In questa condizione la ripetizione e la simulazione dei personaggi sa di pura astrazione più che di realtà fisica e oggettiva. Se nelle opere come nella precedente serie Rapport si indagava sul concetto di ripetizione e sulla moltiplicazione all’infinito, tra un pieno e un vuoto, in una sorta di duplicazione ripetitiva di persone rese opportunamente inespressive e identiche ottenute soprattutto attraverso la ripetizione monotona e seriale dello stesso soggetto, ora, in questi ultimi lavori, i protagonisti in scena hanno ritrovato la mobilità, la maestosità e il dinamismo eroico di un tempo tutto storico e si sono trasformati “apparentemente” in personificazioni realistiche. Nonostante tutto, rimangono, purtroppo, dei “Cloni del reale” non proiettati verso una dimensione oggettiva ma essenzialmente mentale e interiore.
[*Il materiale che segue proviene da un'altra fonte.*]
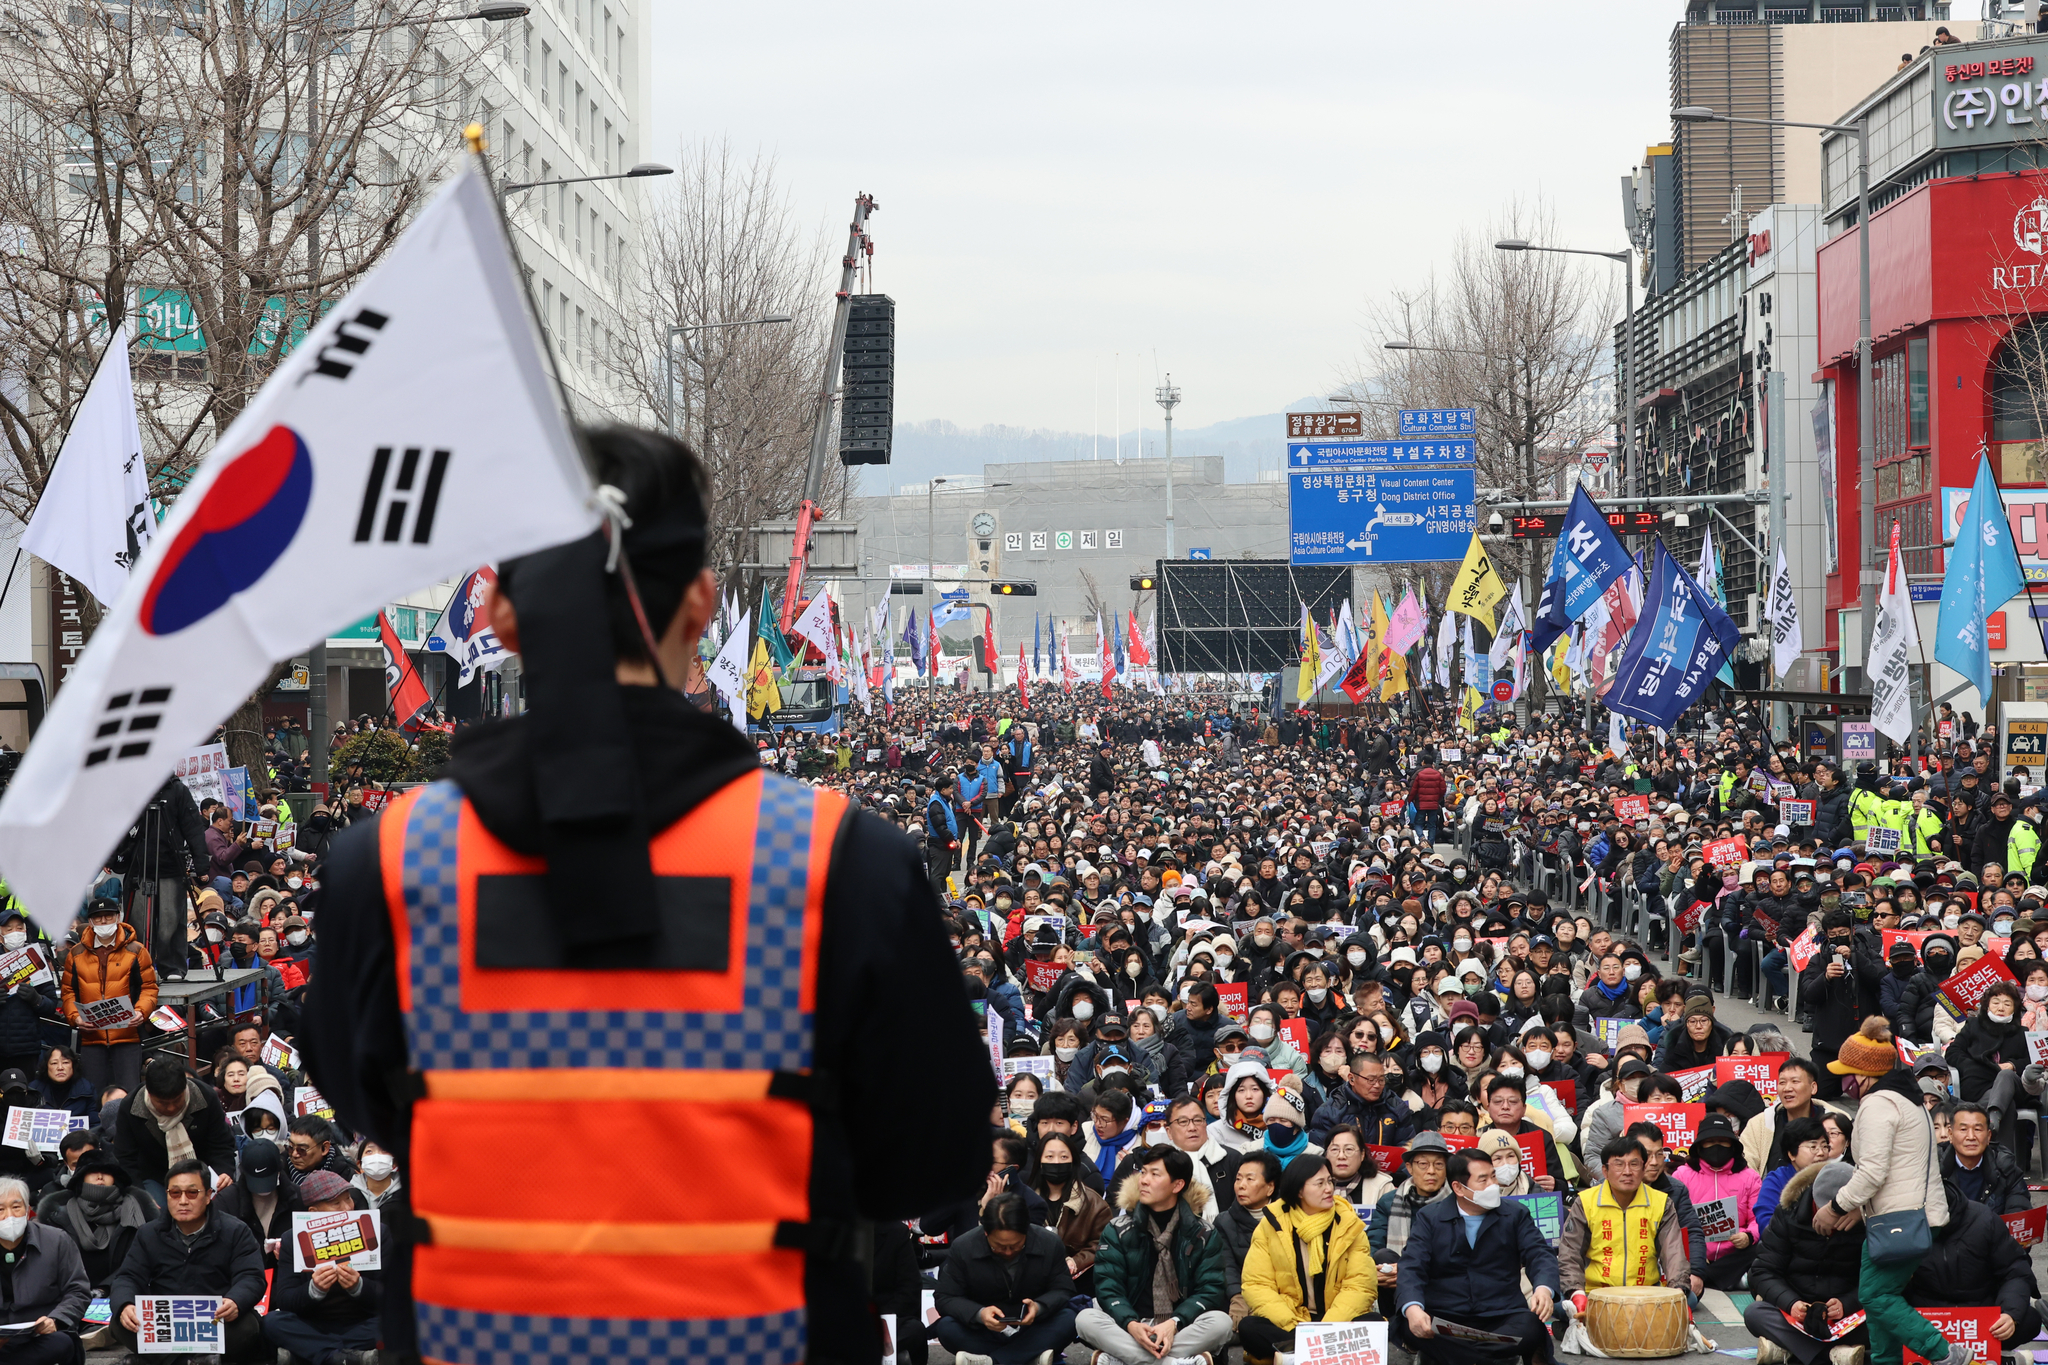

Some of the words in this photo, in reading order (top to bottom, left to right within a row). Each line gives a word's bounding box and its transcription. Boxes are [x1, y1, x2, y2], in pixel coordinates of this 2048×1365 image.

[1944, 62, 1984, 82] 통신의
[146, 301, 198, 340] 하나
[1292, 415, 1337, 426] 정율성가
[1403, 412, 1472, 424] 문화전당역
[1429, 424, 1457, 432] Complex
[1317, 446, 1388, 458] 국립아시아문화전당
[1392, 445, 1466, 460] 부설주차장
[1302, 474, 1376, 490] 영상복합문화관
[1381, 479, 1400, 488] Visual
[1404, 478, 1429, 487] Content
[1432, 477, 1454, 486] Center
[1337, 489, 1377, 503] 동구청
[1382, 492, 1400, 503] Dong
[1404, 492, 1429, 501] District
[1432, 491, 1456, 500] Office
[1426, 504, 1474, 519] 사직공원
[1426, 520, 1474, 534] GFN영어방송
[1007, 532, 1046, 549] 안전
[1082, 531, 1121, 548] 제일
[1293, 532, 1344, 545] 국립아시아문화전당
[1360, 532, 1378, 541] 50m
[1294, 546, 1305, 555] Asia
[1306, 546, 1326, 555] Culture
[1327, 545, 1345, 554] Center
[1074, 657, 1098, 668] 복원하
[1850, 722, 1867, 731] 택시
[2018, 724, 2039, 732] 택시
[1882, 829, 1899, 841] 즉각
[1712, 842, 1735, 856] 윤석열
[1881, 840, 1898, 850] 파면
[1709, 855, 1725, 866] 즉각
[1725, 851, 1742, 862] 파면
[1037, 967, 1063, 978] 윤석열
[1034, 975, 1050, 987] 즉각
[1953, 964, 1997, 997] 김건희도
[1220, 992, 1242, 1002] 모이자
[1734, 1064, 1770, 1079] 윤석열
[1755, 1080, 1777, 1094] 파면
[305, 1100, 331, 1115] 윤석
[1154, 1104, 1167, 1114] 파
[1285, 1092, 1304, 1112] 파면
[8, 1110, 22, 1140] 내란수괴
[18, 1111, 33, 1141] 윤석열
[34, 1112, 66, 1127] 즉각
[69, 1119, 84, 1132] 각
[1644, 1112, 1686, 1132] 윤석열
[32, 1128, 63, 1143] 파면
[1242, 1122, 1263, 1140] 파면
[1666, 1130, 1695, 1147] 파면
[1697, 1200, 1723, 1216] 사자
[1698, 1210, 1727, 1227] 세력
[1602, 1220, 1612, 1240] 헌재
[1640, 1218, 1648, 1239] 내란
[1702, 1217, 1735, 1237] 하라
[311, 1222, 360, 1250] 윤석열
[315, 1238, 364, 1260] 즉각파면
[1602, 1246, 1613, 1278] 윤석열
[1636, 1245, 1648, 1286] 우두머리
[172, 1300, 217, 1320] 즉각
[142, 1300, 155, 1343] 내란수괴
[155, 1300, 172, 1342] 윤석열
[174, 1322, 218, 1342] 파면
[1306, 1335, 1324, 1359] 내란
[1325, 1338, 1372, 1356] 동조세력
Attraverso il binomio massa-individuo l’artista ci parla di questo “essere inespressivo e inconsistente”, senza più punti di riferimento, fragile e ridotto a modello identico di se stesso. Solo così – dice Rogge – l’individuo può porsi degli interrogativi e forse rielaborare inaspettate e possibili riflessioni.
sandro bongiani
mostra visitata il 24 ottobre 2011
dal 21 ottobre al 3 dicembre 2011
Claudia Rogge – EverAfter
orario: lunedì/venerdì: 16.30 – 20.30
sabato: 10.30 – 13.00; 17.00 – 21.00
(possono variare, verificare sempre via telefono)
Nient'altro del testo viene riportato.